El cofre del tesoro 1

Empecé a coleccionar cromos cuando mi madre apareció un día en mi habitación con un álbum. Lo había comprado en el kiosco y pensó que me gustaría. También me trajo con él cinco sobres de postalillas.

- Para que lo estrenes -me dijo.

No sé cuántos años tendría, ni de qué era la colección, pero pronto pasó a ocupar el primer lugar de mi lista de aficiones. Me encantaba abrir los paquetes, que tenían un olor envolvente, como de cola y papel recién impreso, y sorprenderme con lo que podría encontrar dentro. Después iba mirando los números y colocando las pegatinas, intentando encajarlas en su recuadro, aunque el pulso fallaba la mayoría de las veces.
Por supuesto, llegaba un momento en que te faltaban 10 postalillas para terminar la serie y nunca aparecían, a pesar de invertir horas de tu tiempo intercambiándolas con amigos: sipi, nopi, sipi, sipi, sipi...
Acababas por mandar una petición por correo a Panini, la editorial que se dedicaba a estas cosas, para que por favor te enviara aquellas pegatinas imposibles, aunque hubiese que pagarlas en sellos.
Así conseguí completar las series de Batman, Mi Pequeño Pony, Animales de Adena, Candy Candy, Gardfiel, la Pantera rosa, Mafalda...

Pero fui creciendo y  los cromos dejaron de motivarme. Una vez que llenabas el libro, lo repasabas página por página, satisfecho de verlo sin huecos libres y después volvía rápidamente a la estantería. El juego se había acabado. Entonces, un día, una amiga me regaló una caja. Iba a clases de manualidades y había pintado un cofrecillo de madera. Tenía tantas cosas en su habitación que no sabía dónde meterlo y me lo dio a mí.

- Es muy bonita -le dije- Gracias.
- Puedes usarla para meter en ellas tus cosas especiales -me aconsejó.
- ¿Cosas especiales?
Era una caja muy pequeña y no me imaginaba qué podía caber en ella.
- Sí, ya sabes. Pendientes, anillos, pulseras...
- ¡Ah, claro!, como un joyero.
- Sí, por ejemplo.
Mi amiga se despidió de mí y yo me quedé con aquello entre las manos. Tenía unos diez años y las únicas joyas que llevaba encima eran unos minúsculos pendientes de oro, que no me sacaba nunca y la medallita de la comunión.
No, la caja tenía que servir para algo diferente, así que la escondí en un lugar secreto de mi armario y esperé.

Pasados unos meses nació mi hermano.
Había sido durante tanto tiempo hija única, teniendo que inventarme juegos para no sentirme sola, que fue uno de los acontecimientos más importantes de mi vida.
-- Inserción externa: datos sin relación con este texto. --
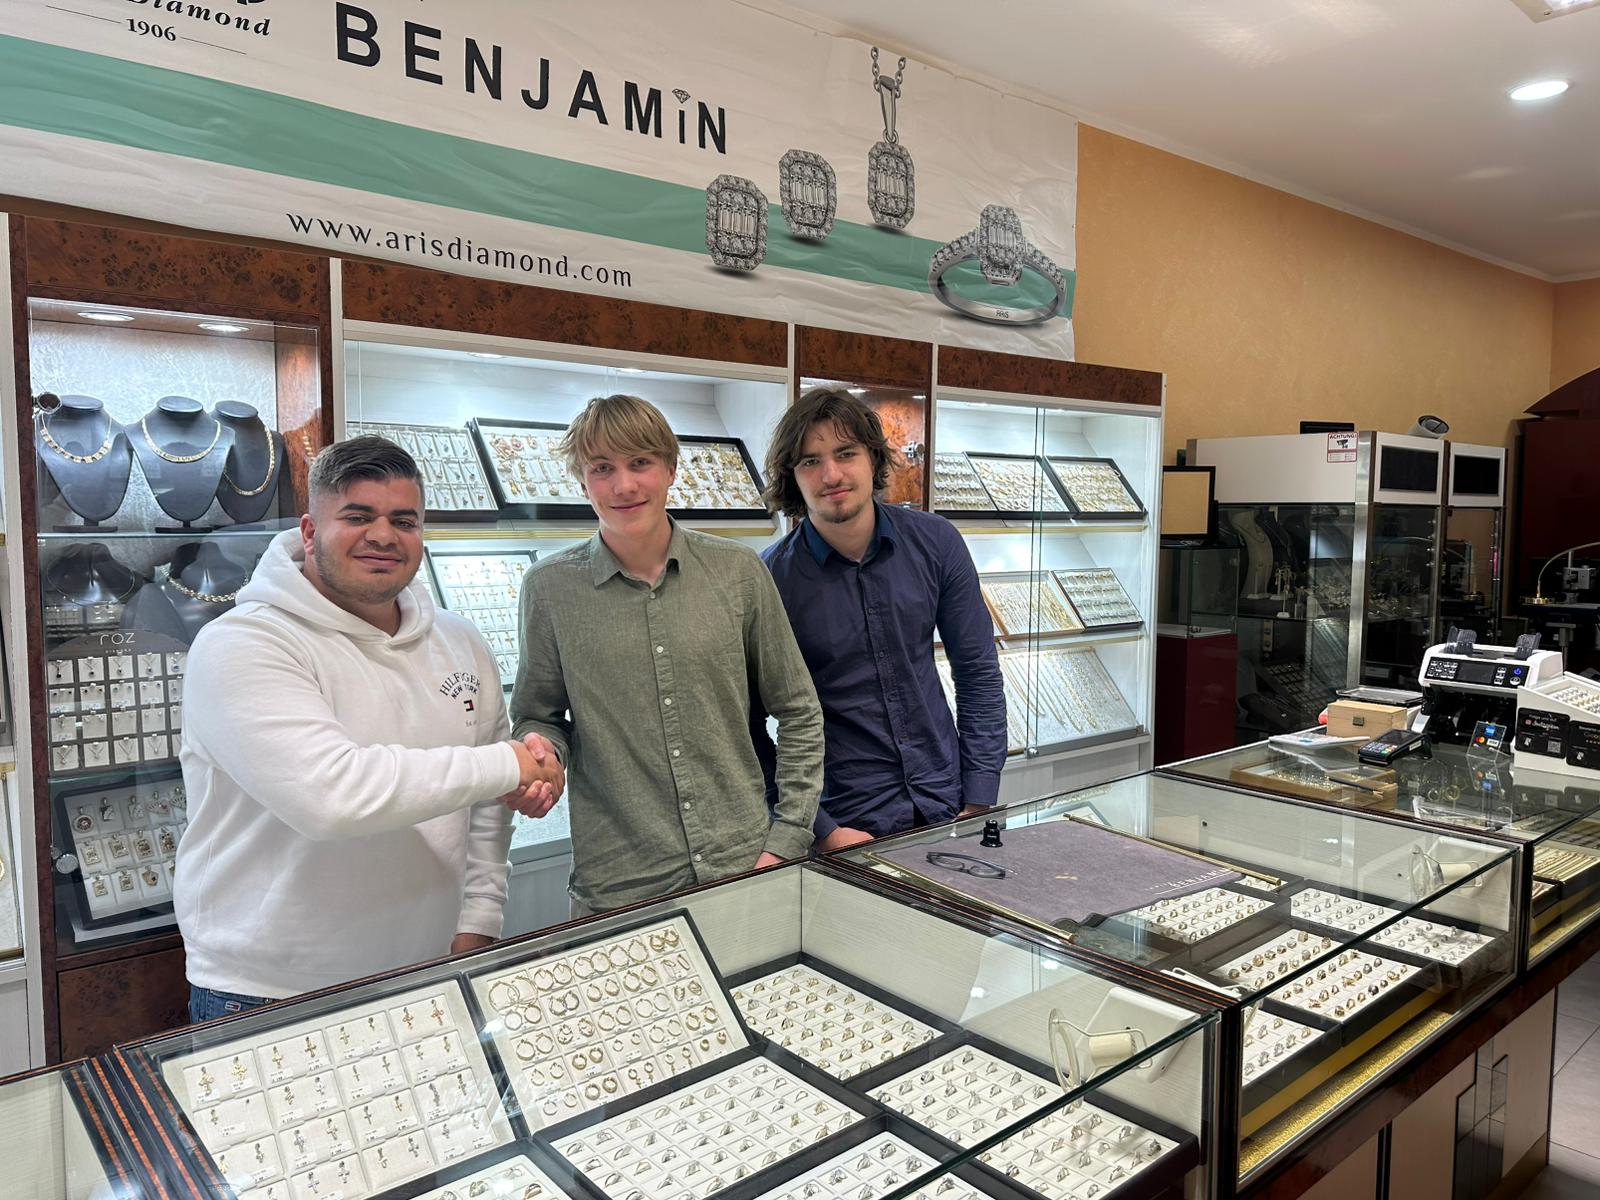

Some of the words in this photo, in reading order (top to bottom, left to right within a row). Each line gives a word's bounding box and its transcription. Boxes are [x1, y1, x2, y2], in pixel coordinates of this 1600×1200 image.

Después descubrí que la convivencia era algo complicado y que siempre habría un abismo entre su mentalidad y la mía. Nunca podríamos ser colegas.

 Yo era la mayor y tenía que cuidar de él, además de enseñarle absolutamente todo. Cosas tan cruciales como que tres banquetas dadas la vuelta eran un tren y una toalla puesta con pinzas entre la cama y una silla, una tienda de campaña.
A dónde iba a ir así... con un pequeño monstruito cuyo deporte era derrumbar mis preciadas construcciones, mientras balbuceaba cosas ininteligibles.

Lo veía explicarse todo serio ante mí, tras una de esas catástrofes, levantando las cejas con sus mofletes encendidos y sus tirabuzones castaños moviéndose como muelles. Intenté aguantarme, porque estaba furiosa, pero él parecía tan seguro de sí mismo, exigiendo la razón, que ya no pude más y se me escapó una carcajada, así que él, sin entender nada, empezó a reírse también. Acabamos los dos por los suelos de la forma más tonta, como si hubiesen echado gas de la risa en la habitación.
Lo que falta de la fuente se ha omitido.